**What you need to do:** Every entry in the listing below has to be given again exactly.

- - - - -

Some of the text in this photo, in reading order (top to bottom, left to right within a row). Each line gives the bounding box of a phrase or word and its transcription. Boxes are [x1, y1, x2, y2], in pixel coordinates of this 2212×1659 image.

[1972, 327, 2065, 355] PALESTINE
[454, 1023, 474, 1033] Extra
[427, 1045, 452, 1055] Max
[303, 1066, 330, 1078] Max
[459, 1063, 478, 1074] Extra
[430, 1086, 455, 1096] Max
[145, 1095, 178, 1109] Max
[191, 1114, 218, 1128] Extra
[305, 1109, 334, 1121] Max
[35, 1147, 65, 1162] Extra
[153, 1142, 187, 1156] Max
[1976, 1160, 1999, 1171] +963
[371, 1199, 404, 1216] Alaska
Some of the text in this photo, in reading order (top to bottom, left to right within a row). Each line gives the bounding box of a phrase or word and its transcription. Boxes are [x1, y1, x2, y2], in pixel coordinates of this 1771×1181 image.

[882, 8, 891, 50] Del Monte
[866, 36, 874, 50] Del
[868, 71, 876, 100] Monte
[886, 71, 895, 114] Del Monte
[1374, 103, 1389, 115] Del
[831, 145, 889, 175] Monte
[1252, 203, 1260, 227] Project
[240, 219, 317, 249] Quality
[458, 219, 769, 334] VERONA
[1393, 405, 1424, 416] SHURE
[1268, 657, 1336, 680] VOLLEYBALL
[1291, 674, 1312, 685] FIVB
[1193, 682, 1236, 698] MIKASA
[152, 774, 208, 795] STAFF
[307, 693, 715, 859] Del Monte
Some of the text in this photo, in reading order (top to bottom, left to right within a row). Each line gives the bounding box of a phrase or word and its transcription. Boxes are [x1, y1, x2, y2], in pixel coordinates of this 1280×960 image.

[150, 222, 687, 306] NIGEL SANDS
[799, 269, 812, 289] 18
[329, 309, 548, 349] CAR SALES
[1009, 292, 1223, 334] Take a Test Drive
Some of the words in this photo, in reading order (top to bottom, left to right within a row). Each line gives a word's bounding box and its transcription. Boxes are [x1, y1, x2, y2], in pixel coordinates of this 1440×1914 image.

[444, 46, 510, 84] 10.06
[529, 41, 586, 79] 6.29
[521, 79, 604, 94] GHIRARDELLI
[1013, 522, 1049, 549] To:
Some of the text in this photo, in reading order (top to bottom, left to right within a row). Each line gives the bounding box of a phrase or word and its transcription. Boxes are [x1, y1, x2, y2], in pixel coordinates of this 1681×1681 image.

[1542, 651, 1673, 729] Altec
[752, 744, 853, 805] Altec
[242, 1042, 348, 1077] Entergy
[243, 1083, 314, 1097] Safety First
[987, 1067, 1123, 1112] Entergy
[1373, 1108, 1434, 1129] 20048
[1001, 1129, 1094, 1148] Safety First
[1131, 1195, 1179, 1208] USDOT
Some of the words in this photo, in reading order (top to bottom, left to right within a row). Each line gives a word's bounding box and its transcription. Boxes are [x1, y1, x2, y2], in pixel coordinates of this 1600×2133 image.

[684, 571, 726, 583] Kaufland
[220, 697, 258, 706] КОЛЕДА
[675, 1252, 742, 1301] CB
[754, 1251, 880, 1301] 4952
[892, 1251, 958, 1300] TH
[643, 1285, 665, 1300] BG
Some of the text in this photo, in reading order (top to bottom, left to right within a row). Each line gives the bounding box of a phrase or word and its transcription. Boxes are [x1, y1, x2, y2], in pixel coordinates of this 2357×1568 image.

- - - - -

**Answer area:**
Some of the text in this photo, in reading order (top to bottom, left to right within a row). Each line gives the bounding box of a phrase or word and its transcription. Boxes are [x1, y1, x2, y2], in pixel coordinates of this 2212×1659 image.

[1972, 327, 2065, 355] PALESTINE
[454, 1023, 474, 1033] Extra
[427, 1045, 452, 1055] Max
[303, 1066, 330, 1078] Max
[459, 1063, 478, 1074] Extra
[430, 1086, 455, 1096] Max
[145, 1095, 178, 1109] Max
[191, 1114, 218, 1128] Extra
[305, 1109, 334, 1121] Max
[35, 1147, 65, 1162] Extra
[153, 1142, 187, 1156] Max
[1976, 1160, 1999, 1171] +963
[371, 1199, 404, 1216] Alaska
Some of the text in this photo, in reading order (top to bottom, left to right within a row). Each line gives the bounding box of a phrase or word and its transcription. Boxes are [x1, y1, x2, y2], in pixel coordinates of this 1771×1181 image.

[882, 8, 891, 50] Del Monte
[866, 36, 874, 50] Del
[868, 71, 876, 100] Monte
[886, 71, 895, 114] Del Monte
[1374, 103, 1389, 115] Del
[831, 145, 889, 175] Monte
[1252, 203, 1260, 227] Project
[240, 219, 317, 249] Quality
[458, 219, 769, 334] VERONA
[1393, 405, 1424, 416] SHURE
[1268, 657, 1336, 680] VOLLEYBALL
[1291, 674, 1312, 685] FIVB
[1193, 682, 1236, 698] MIKASA
[152, 774, 208, 795] STAFF
[307, 693, 715, 859] Del Monte
Some of the text in this photo, in reading order (top to bottom, left to right within a row). Each line gives the bounding box of a phrase or word and its transcription. Boxes are [x1, y1, x2, y2], in pixel coordinates of this 1280×960 image.

[150, 222, 687, 306] NIGEL SANDS
[799, 269, 812, 289] 18
[329, 309, 548, 349] CAR SALES
[1009, 292, 1223, 334] Take a Test Drive
Some of the words in this photo, in reading order (top to bottom, left to right within a row). Each line gives a word's bounding box and its transcription. Boxes are [x1, y1, x2, y2], in pixel coordinates of this 1440×1914 image.

[444, 46, 510, 84] 10.06
[529, 41, 586, 79] 6.29
[521, 79, 604, 94] GHIRARDELLI
[1013, 522, 1049, 549] To:
Some of the text in this photo, in reading order (top to bottom, left to right within a row). Each line gives the bounding box of a phrase or word and its transcription. Boxes are [x1, y1, x2, y2], in pixel coordinates of this 1681×1681 image.

[1542, 651, 1673, 729] Altec
[752, 744, 853, 805] Altec
[242, 1042, 348, 1077] Entergy
[243, 1083, 314, 1097] Safety First
[987, 1067, 1123, 1112] Entergy
[1373, 1108, 1434, 1129] 20048
[1001, 1129, 1094, 1148] Safety First
[1131, 1195, 1179, 1208] USDOT
Some of the words in this photo, in reading order (top to bottom, left to right within a row). Each line gives a word's bounding box and its transcription. Boxes are [x1, y1, x2, y2], in pixel coordinates of this 1600×2133 image.

[684, 571, 726, 583] Kaufland
[220, 697, 258, 706] КОЛЕДА
[675, 1252, 742, 1301] CB
[754, 1251, 880, 1301] 4952
[892, 1251, 958, 1300] TH
[643, 1285, 665, 1300] BG
Some of the text in this photo, in reading order (top to bottom, left to right within a row). Each line gives the bounding box of a phrase or word and its transcription. Boxes are [x1, y1, x2, y2], in pixel coordinates of this 2357×1568 image.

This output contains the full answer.